Posted by Caleb462 on April 17, 2003, at 0:40:12
In reply to my boyfriend has dysthymia -- what meds to try?, posted by fairnymph on April 17, 2003, at 0:09:26
> My bf has dysthymia...his main symptoms are:
>
> -almost no libido
> -lacks interest in life in general
> -he has had past issues with drug use ('self-medication')

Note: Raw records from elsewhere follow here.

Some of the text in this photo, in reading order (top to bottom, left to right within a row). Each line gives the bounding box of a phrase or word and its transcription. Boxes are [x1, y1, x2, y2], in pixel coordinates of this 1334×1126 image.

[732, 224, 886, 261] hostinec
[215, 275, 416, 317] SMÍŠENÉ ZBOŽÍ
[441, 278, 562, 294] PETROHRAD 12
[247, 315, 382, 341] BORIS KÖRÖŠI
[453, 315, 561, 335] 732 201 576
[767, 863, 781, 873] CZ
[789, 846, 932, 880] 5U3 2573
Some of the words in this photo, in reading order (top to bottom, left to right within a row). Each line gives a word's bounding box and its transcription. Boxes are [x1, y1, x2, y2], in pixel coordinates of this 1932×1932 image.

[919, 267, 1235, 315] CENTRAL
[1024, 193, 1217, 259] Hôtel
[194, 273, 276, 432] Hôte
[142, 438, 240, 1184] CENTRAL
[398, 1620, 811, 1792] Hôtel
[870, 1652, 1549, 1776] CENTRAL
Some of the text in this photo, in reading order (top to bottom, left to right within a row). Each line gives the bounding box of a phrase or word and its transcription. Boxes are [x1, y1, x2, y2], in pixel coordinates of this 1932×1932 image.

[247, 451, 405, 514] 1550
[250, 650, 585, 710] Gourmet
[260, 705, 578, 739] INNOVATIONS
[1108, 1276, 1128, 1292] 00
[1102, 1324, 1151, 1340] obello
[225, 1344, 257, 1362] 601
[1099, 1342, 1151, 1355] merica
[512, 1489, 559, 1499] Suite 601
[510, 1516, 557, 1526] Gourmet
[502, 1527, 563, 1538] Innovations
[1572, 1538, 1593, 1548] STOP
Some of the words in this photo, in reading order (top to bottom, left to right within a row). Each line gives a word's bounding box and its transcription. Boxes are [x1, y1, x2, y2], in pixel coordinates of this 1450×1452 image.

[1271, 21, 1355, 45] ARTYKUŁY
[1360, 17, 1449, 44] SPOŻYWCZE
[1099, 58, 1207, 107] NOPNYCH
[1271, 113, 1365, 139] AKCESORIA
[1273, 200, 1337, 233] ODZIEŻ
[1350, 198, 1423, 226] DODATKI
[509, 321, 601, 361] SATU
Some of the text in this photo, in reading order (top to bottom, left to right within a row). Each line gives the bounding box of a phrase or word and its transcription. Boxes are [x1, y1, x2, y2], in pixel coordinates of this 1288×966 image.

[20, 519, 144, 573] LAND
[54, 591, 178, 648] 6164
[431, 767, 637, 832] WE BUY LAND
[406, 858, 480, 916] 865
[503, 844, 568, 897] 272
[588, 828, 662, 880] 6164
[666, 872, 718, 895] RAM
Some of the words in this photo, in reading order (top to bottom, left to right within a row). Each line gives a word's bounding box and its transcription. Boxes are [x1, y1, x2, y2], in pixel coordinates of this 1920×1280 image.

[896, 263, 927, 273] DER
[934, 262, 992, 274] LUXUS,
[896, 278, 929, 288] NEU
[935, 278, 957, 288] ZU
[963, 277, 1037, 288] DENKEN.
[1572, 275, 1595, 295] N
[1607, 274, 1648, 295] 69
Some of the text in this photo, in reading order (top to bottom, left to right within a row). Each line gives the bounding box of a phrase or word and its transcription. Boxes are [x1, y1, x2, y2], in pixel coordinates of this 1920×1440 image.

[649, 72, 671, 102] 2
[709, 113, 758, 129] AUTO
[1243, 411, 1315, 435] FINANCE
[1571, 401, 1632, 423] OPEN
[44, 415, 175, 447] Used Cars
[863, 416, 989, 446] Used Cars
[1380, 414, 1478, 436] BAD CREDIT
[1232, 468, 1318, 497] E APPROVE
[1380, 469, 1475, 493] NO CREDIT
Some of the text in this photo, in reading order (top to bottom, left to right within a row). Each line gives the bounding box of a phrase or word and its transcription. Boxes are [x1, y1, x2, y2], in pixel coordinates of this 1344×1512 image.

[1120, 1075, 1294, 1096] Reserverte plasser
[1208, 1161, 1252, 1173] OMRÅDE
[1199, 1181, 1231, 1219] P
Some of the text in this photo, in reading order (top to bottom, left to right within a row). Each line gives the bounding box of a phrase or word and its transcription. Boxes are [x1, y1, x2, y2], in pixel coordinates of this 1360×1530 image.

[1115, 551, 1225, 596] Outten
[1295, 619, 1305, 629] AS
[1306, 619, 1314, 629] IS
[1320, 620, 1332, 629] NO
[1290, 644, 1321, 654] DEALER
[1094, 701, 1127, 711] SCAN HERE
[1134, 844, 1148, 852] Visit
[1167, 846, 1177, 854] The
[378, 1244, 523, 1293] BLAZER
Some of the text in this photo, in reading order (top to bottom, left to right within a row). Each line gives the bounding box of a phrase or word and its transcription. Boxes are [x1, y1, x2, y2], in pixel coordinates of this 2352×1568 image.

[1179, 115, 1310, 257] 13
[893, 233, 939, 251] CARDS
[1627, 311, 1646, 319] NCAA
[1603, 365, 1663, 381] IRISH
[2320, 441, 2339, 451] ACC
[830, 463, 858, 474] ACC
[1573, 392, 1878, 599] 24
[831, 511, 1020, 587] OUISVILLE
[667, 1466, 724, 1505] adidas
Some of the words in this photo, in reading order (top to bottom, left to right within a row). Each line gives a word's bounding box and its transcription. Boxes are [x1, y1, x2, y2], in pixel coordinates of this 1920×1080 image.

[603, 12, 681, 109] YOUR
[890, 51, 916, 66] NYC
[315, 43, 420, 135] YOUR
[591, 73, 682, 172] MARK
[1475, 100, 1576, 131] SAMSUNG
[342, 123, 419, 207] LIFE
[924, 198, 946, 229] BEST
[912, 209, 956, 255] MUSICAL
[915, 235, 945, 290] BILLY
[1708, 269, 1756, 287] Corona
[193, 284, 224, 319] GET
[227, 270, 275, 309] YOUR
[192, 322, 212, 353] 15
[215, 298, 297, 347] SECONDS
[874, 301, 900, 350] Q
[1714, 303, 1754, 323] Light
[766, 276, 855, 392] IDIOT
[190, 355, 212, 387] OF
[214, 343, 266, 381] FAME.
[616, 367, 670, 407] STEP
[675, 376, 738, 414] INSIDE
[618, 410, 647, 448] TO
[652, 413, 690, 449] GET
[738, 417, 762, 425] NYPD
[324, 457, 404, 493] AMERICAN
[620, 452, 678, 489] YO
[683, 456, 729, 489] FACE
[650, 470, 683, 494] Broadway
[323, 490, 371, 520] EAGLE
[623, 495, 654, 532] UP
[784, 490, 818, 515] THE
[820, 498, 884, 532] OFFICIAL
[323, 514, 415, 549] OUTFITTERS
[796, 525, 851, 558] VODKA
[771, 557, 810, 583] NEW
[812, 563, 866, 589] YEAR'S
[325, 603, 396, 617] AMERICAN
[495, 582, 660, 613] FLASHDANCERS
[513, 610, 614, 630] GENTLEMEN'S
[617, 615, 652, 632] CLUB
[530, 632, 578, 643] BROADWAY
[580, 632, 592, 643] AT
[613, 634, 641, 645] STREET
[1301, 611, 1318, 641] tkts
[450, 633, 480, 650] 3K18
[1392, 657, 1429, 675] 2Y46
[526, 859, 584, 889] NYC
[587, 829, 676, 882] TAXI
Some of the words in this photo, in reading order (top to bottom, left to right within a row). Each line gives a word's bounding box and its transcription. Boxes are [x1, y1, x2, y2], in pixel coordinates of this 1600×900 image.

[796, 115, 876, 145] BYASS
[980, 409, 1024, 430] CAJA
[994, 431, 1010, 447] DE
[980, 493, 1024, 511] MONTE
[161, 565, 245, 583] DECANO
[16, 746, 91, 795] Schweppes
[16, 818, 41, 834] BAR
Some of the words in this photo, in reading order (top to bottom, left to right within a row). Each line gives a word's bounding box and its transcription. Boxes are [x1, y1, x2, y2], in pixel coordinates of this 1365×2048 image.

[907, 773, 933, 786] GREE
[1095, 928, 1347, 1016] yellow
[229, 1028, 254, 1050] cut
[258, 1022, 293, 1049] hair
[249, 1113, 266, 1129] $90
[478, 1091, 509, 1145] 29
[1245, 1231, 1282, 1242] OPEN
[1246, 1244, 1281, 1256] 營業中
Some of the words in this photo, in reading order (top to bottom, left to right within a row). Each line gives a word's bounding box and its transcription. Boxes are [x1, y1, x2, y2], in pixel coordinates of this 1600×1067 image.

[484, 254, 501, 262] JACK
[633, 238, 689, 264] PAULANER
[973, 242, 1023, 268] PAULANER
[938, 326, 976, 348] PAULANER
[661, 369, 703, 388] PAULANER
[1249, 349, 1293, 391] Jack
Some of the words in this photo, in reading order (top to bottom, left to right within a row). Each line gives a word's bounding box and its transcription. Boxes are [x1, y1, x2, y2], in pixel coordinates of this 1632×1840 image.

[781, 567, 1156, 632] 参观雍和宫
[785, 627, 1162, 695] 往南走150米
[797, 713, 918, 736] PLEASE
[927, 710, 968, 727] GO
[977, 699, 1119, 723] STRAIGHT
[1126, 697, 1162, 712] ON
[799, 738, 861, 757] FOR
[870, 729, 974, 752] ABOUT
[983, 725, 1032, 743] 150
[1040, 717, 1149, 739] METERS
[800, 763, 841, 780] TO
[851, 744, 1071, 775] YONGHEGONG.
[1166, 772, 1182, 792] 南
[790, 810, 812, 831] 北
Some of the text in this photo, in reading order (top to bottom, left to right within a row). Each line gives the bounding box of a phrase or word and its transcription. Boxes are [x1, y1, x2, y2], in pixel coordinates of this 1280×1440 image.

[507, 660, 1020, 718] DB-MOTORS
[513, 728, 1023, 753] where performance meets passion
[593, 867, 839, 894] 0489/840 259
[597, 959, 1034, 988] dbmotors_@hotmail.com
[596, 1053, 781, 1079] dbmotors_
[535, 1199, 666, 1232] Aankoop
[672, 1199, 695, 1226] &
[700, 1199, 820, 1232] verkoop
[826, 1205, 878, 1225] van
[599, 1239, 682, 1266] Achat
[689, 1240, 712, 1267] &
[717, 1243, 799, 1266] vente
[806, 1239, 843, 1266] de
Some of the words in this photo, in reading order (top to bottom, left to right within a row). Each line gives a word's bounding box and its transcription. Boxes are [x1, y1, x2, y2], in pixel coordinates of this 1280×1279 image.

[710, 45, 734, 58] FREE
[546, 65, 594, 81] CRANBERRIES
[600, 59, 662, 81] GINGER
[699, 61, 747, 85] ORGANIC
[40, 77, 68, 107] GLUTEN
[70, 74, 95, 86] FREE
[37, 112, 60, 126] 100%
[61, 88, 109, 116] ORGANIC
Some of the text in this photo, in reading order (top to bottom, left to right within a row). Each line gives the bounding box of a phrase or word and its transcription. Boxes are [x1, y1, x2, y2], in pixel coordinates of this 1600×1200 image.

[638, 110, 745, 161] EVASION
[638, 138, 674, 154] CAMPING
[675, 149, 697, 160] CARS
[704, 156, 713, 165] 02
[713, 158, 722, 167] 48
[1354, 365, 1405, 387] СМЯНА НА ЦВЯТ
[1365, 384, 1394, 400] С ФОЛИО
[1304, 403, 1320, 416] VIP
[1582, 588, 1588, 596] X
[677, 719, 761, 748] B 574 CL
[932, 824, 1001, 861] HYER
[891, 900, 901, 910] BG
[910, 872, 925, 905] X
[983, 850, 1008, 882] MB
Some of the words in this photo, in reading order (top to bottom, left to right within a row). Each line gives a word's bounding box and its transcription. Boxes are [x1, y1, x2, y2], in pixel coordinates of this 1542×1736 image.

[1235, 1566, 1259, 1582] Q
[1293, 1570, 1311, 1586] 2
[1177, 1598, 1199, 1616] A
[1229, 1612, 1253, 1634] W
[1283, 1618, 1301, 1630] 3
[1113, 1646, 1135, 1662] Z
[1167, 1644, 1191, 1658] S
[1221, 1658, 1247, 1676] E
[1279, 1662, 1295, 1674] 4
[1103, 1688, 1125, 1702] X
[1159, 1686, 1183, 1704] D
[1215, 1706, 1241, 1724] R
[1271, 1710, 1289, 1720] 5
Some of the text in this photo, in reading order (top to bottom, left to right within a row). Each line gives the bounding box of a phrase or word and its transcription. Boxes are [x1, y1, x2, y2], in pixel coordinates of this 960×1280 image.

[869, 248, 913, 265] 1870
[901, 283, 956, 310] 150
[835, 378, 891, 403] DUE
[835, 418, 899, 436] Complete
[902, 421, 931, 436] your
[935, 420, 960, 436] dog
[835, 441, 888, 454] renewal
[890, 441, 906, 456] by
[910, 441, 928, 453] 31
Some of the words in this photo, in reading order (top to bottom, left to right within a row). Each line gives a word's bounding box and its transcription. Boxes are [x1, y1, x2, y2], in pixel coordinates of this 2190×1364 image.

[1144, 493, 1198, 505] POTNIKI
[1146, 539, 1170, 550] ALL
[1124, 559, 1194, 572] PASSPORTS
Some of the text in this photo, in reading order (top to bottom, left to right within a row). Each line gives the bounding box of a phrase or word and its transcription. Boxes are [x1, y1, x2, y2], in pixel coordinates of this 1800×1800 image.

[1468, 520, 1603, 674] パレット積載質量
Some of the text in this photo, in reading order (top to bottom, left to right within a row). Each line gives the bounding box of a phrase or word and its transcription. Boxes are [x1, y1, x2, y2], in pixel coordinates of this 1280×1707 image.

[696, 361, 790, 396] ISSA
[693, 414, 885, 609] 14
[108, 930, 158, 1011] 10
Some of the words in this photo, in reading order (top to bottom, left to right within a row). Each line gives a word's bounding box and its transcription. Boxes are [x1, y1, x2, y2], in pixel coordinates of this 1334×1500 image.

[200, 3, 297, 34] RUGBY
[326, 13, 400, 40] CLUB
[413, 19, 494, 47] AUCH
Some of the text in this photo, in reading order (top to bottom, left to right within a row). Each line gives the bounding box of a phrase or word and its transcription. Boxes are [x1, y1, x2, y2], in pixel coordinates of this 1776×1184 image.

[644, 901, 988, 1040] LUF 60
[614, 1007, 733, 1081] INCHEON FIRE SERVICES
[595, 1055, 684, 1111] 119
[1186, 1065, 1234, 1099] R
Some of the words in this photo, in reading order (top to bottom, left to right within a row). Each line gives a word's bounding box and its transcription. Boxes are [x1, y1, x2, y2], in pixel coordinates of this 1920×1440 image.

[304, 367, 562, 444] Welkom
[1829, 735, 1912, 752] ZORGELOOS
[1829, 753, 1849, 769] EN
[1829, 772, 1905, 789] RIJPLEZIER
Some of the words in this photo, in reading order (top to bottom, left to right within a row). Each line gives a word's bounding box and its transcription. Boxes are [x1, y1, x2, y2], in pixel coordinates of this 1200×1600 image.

> -doesn't get excited about things; no enthusiasm; feel somewhat numb and dissociated
> -constanly tired and lackluster/lacking in energy
>
> These have been problems his entire life, pretty much. He doesn't appear to have major depression or anxiety issues. Just dysthymia.
>
> One particular reason we would like him to be treated is because his lack of libido is causing major problems in our relationship. I get senstive about being rejected and not feeling sexually desired.
>
> I don't know much about dysthymia. I read some really good stuff about amisulpride but we are in the US and I don't know how we'd get some. Would a US dr be able to obtain amisulpride?
>
> How about reboxetine? I found it increased libido for me...and generally had a positive effect on my mood.
>
> Other options? Of course, whatever meds are recommended CANNOT have libido effects...and preferably should have minimal non-libido sexual side effects.
>
> Thanks!
>
> fnWell... I can't say I know too much about how dysthimia is generally treated.. but I would assume that the symptoms you listed would be best treated with an activating stimulant type med. Reboxetine is one, yeah... straterra is another. These act primarily on norepinephrine however, and what your boyfriend likely needs is dopaminergic stimulation. Wellbutrin is the obvious choice, particularly if there is a concern that he might abuse his meds as Wellbutrin has very little, if any, abuse potential. Other options are stimulants like Ritalin, Adderall and Dexedrine, plus Parkinson's drugs such as Mirapex.
Fish Oil is another option if he doesn't want to go the pharmaceutical route. There's also SAM-e and St. John's Wort - both can have positive effects on dopamine activity.
Wellbutrin seems like the first-line option to me though.
And of course, he may have deep-seeded issues that needed to be worked out, and that no medication is going to change. So therapy is always an option.